Rheumatology Research Group, Vall d'Hebron Hospital Research Institute, Barcelona, Spain.
PLoS One. 2013 Jul 3;8(7):e68822. doi: 10.1371/journal.pone.0068822. Print 2013.
We present GStream, a method that combines genome-wide SNP and CNV genotyping in the Illumina microarray platform with unprecedented accuracy. This new method outperforms previous well-established SNP genotyping software. More importantly, the CNV calling algorithm of GStream dramatically improves the results obtained by previous state-of-the-art methods and yields an accuracy that is close to that obtained by purely CNV-oriented technologies like Comparative Genomic Hybridization (CGH). We demonstrate the superior performance of GStream using microarray data generated from HapMap samples. Using the reference CNV calls generated by the 1000 Genomes Project (1KGP) and well-known studies on whole genome CNV characterization based either on CGH or genotyping microarray technologies, we show that GStream can increase the number of reliably detected variants up to 25% compared to previously developed methods. Furthermore, the increased genome coverage provided by GStream allows the discovery of CNVs in close linkage disequilibrium with SNPs, previously associated with disease risk in published Genome-Wide Association Studies (GWAS). These results could provide important insights into the biological mechanism underlying the detected disease risk association. With GStream, large-scale GWAS will not only benefit from the combined genotyping of SNPs and CNVs at an unprecedented accuracy, but will also take advantage of the computational efficiency of the method.

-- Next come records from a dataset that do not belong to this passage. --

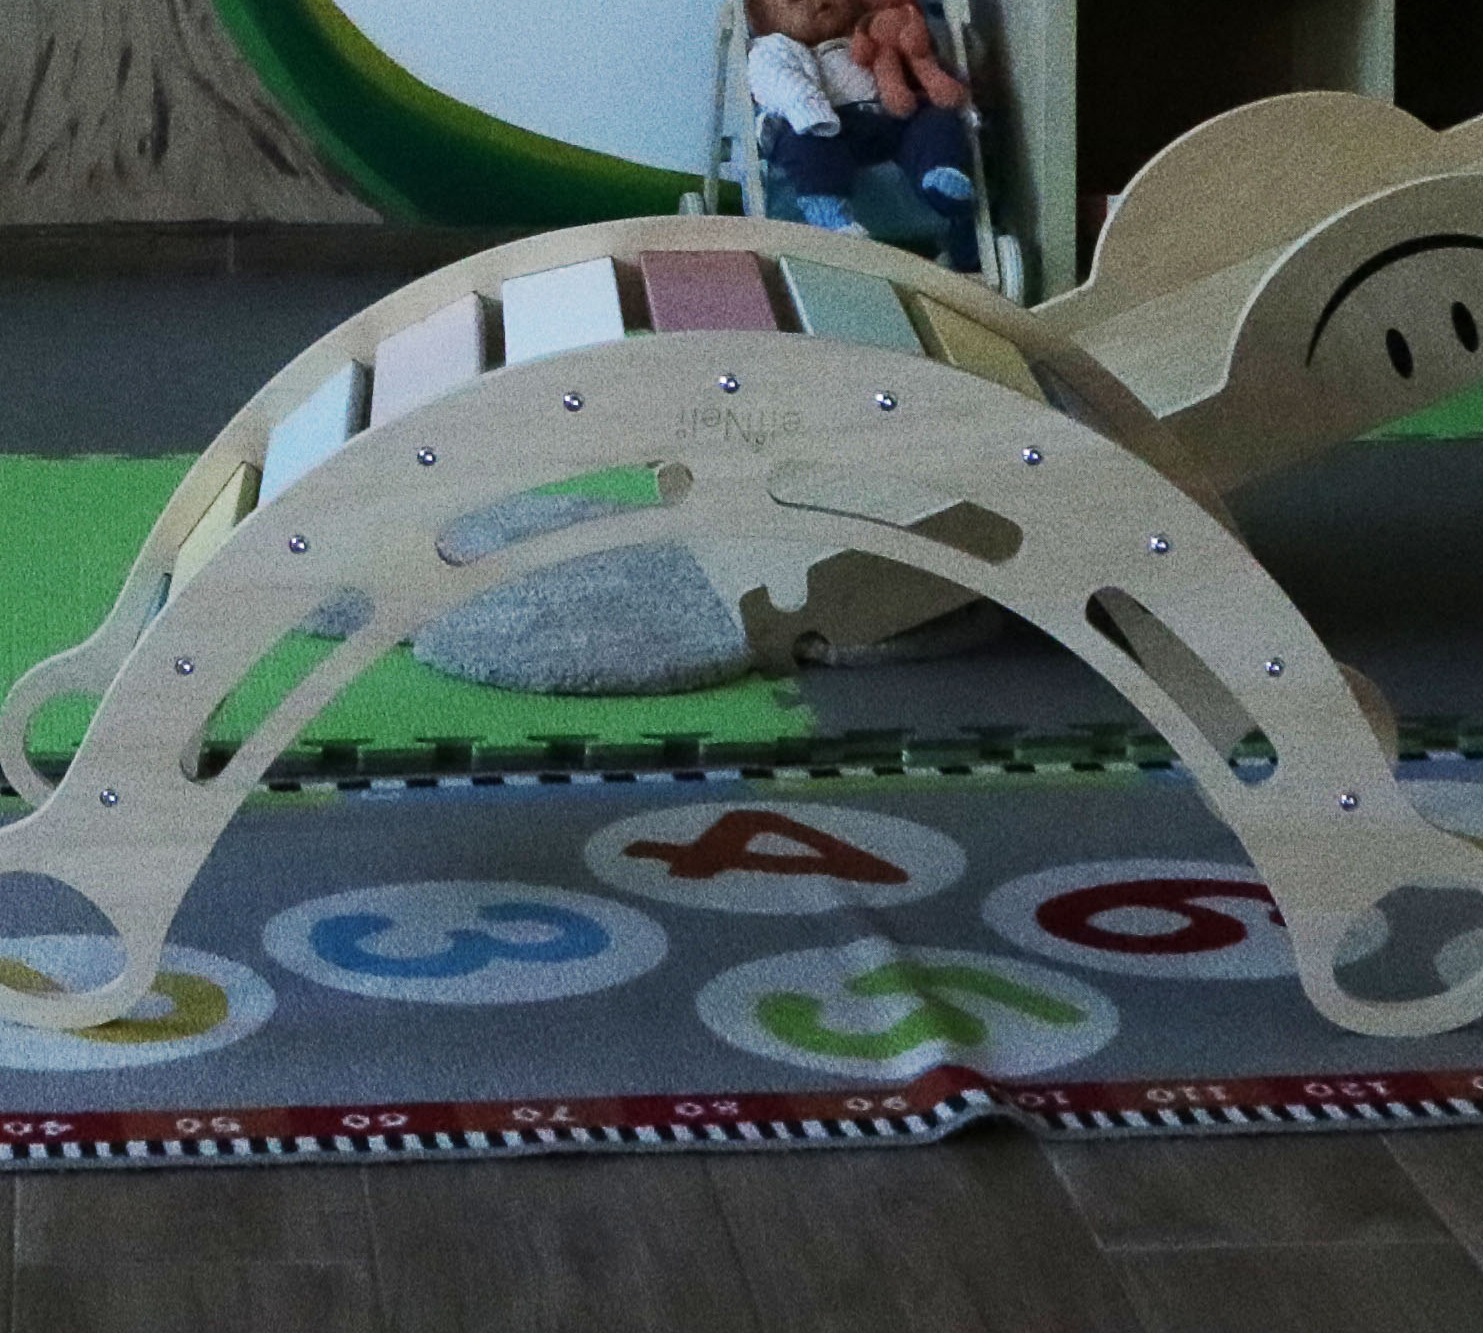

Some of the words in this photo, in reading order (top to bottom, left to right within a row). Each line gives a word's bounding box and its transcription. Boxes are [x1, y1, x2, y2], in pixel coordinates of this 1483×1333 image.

[623, 810, 909, 885] 4
[1036, 878, 1287, 954] 6
[312, 901, 612, 979] 3
[755, 961, 1087, 1059] 5
[1146, 1085, 1227, 1103] 110
[1303, 1079, 1390, 1098] 120
[674, 1100, 738, 1118] 80
[844, 1096, 910, 1112] 90
[342, 1112, 408, 1130] 60
[512, 1105, 576, 1123] 70
[3, 1119, 74, 1137] 40
[175, 1116, 242, 1134] 50
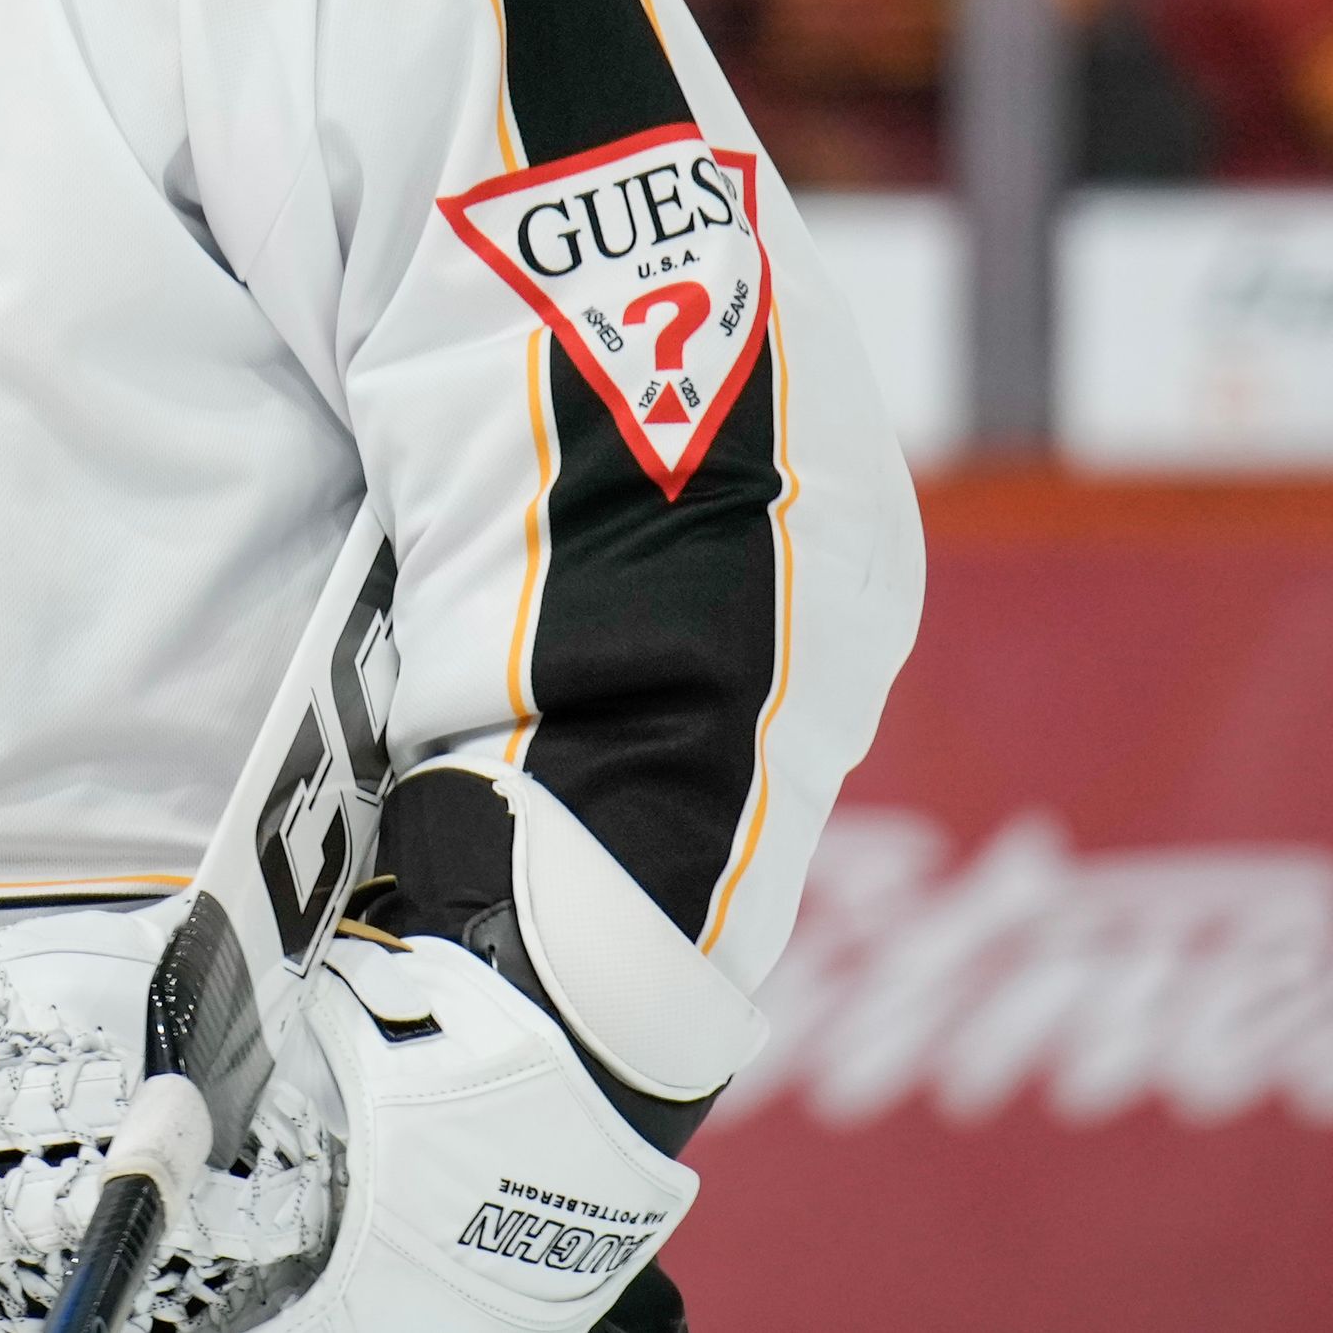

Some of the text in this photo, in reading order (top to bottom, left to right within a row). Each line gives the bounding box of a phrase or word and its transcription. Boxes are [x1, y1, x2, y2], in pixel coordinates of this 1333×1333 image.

[719, 279, 749, 337] JEANS
[638, 377, 701, 410] 1201 1203
[498, 1177, 642, 1226] POTTELBERGHE
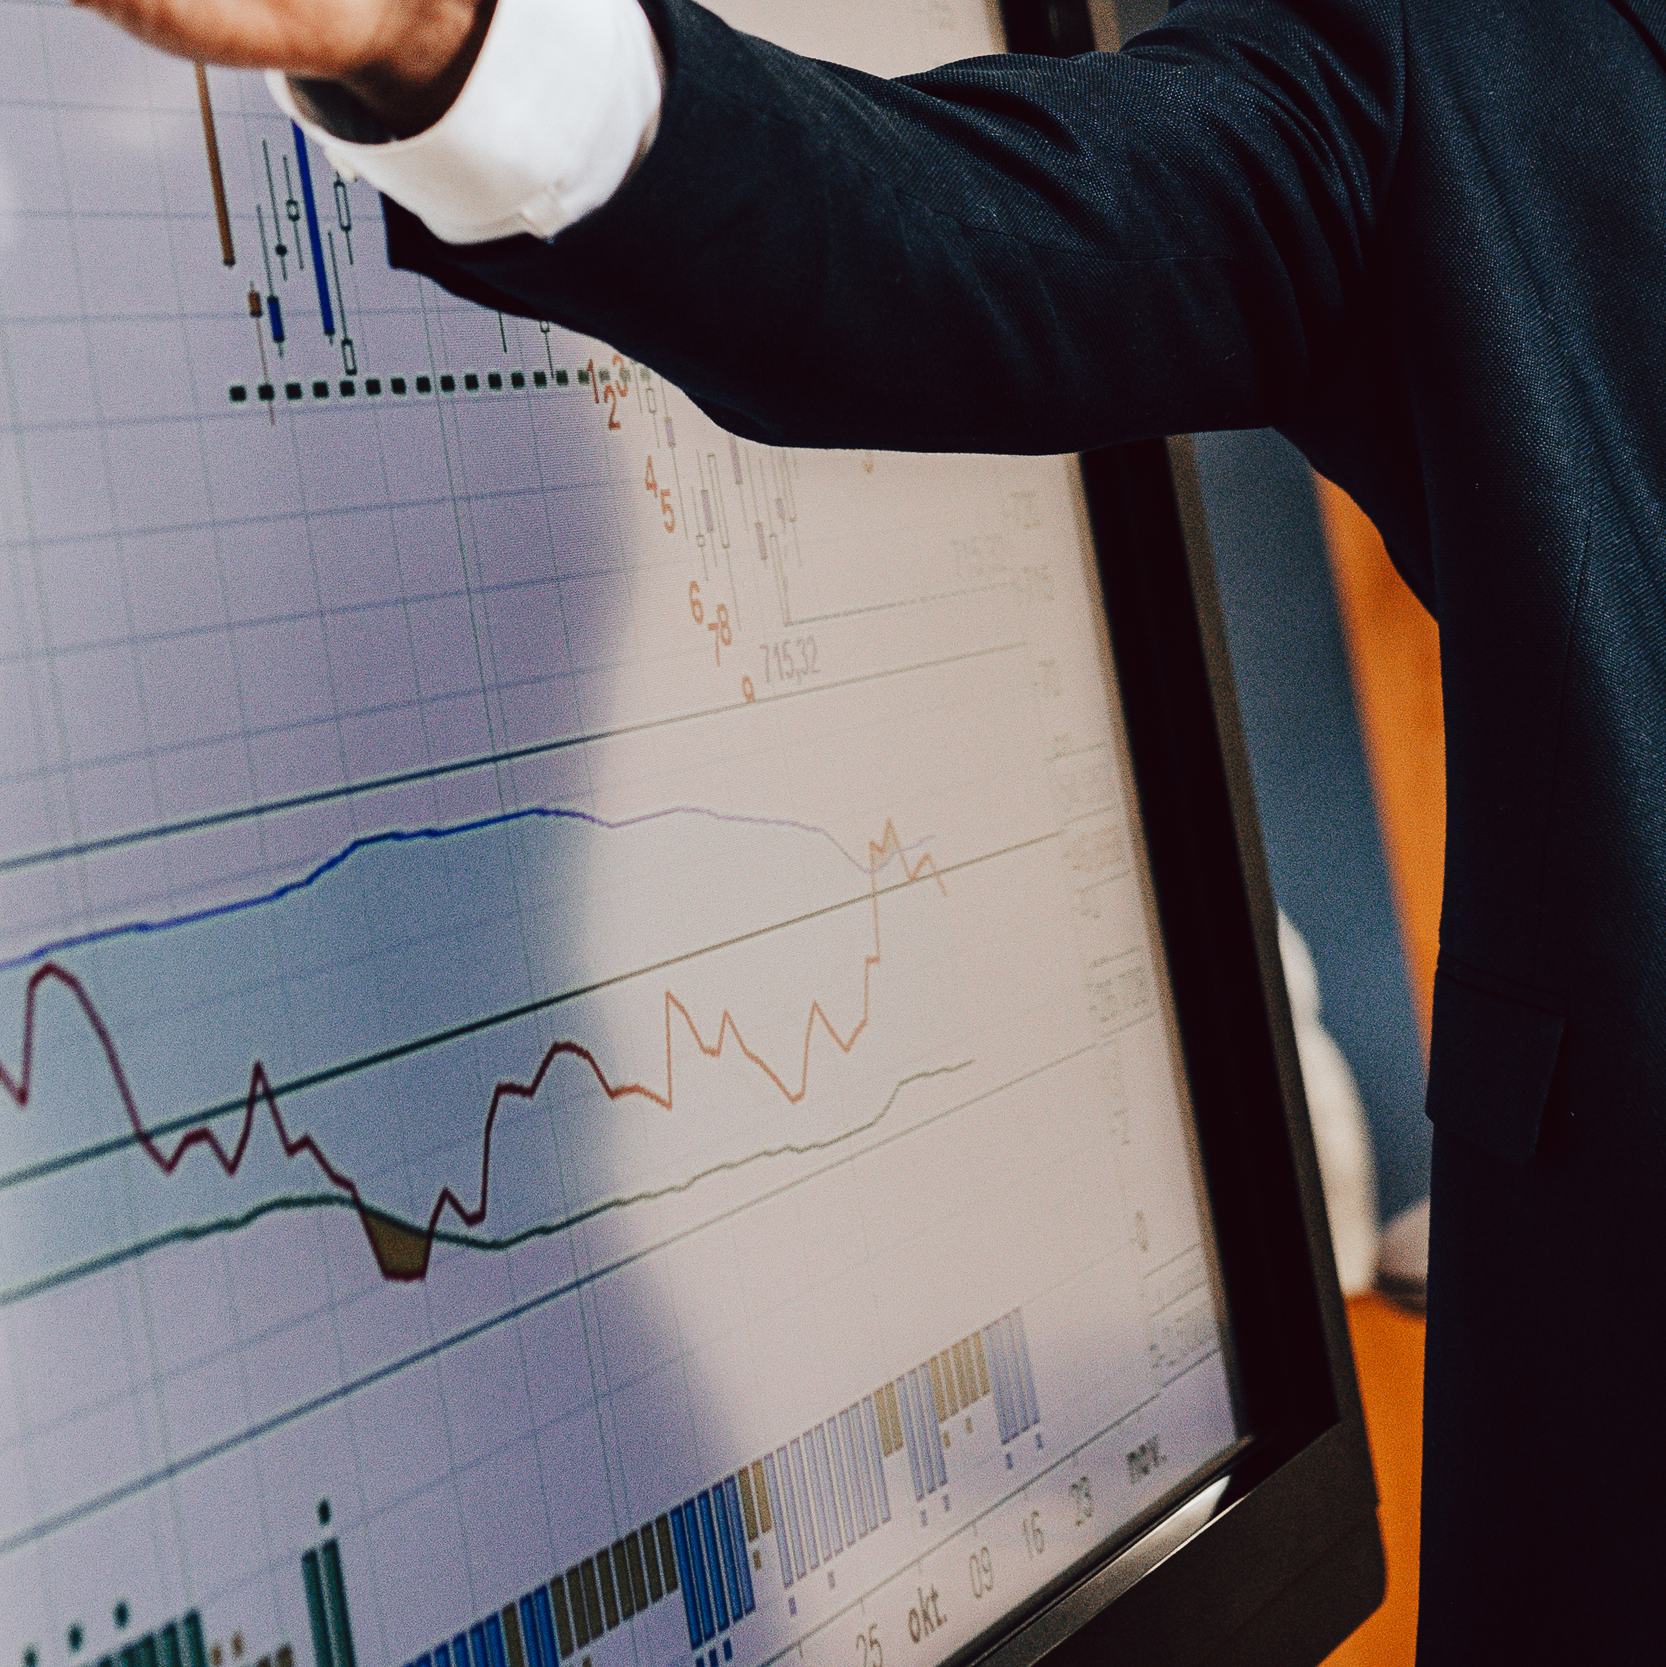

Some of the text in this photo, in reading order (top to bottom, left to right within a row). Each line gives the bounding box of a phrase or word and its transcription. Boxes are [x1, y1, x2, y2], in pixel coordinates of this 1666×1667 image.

[587, 359, 600, 404] 1
[603, 385, 621, 431] 2
[644, 454, 659, 499] 4
[659, 488, 676, 534] 5
[688, 580, 705, 626] 6
[716, 603, 733, 647] 8
[707, 622, 724, 667] 7
[759, 636, 822, 685] 715,32
[968, 1546, 995, 1600] 09

我们提出了 GStream 方法,该方法将 Illumina 微阵列平台上的全基因组 SNP 和 CNV 基因分型与前所未有的准确性相结合。这种新方法优于以前成熟的 SNP 基因分型软件。更重要的是,GStream 的 CNV 调用算法极大地改进了以前最先进方法的结果,并获得了与纯 CNV 导向技术(如比较基因组杂交 (CGH))相当的准确性。我们使用 HapMap 样本生成的微阵列数据来证明 GStream 的优越性能。使用 1000 基因组计划 (1KGP) 生成的参考 CNV 调用和基于 CGH 或基因分型微阵列技术的全基因组 CNV 特征的知名研究,我们表明与以前开发的方法相比,GStream 可以将可靠检测到的变体数量增加多达 25%。此外,GStream 提供的增加的基因组覆盖范围允许发现与 SNP 紧密连锁不平衡的 CNV,这些 SNP 先前与已发表的全基因组关联研究 (GWAS) 中的疾病风险相关。这些结果可以为检测到的疾病风险关联的生物学机制提供重要的见解。有了 GStream,大规模的 GWAS 将不仅受益于 SNP 和 CNV 的组合基因分型前所未有的准确性,还将受益于该方法的计算效率。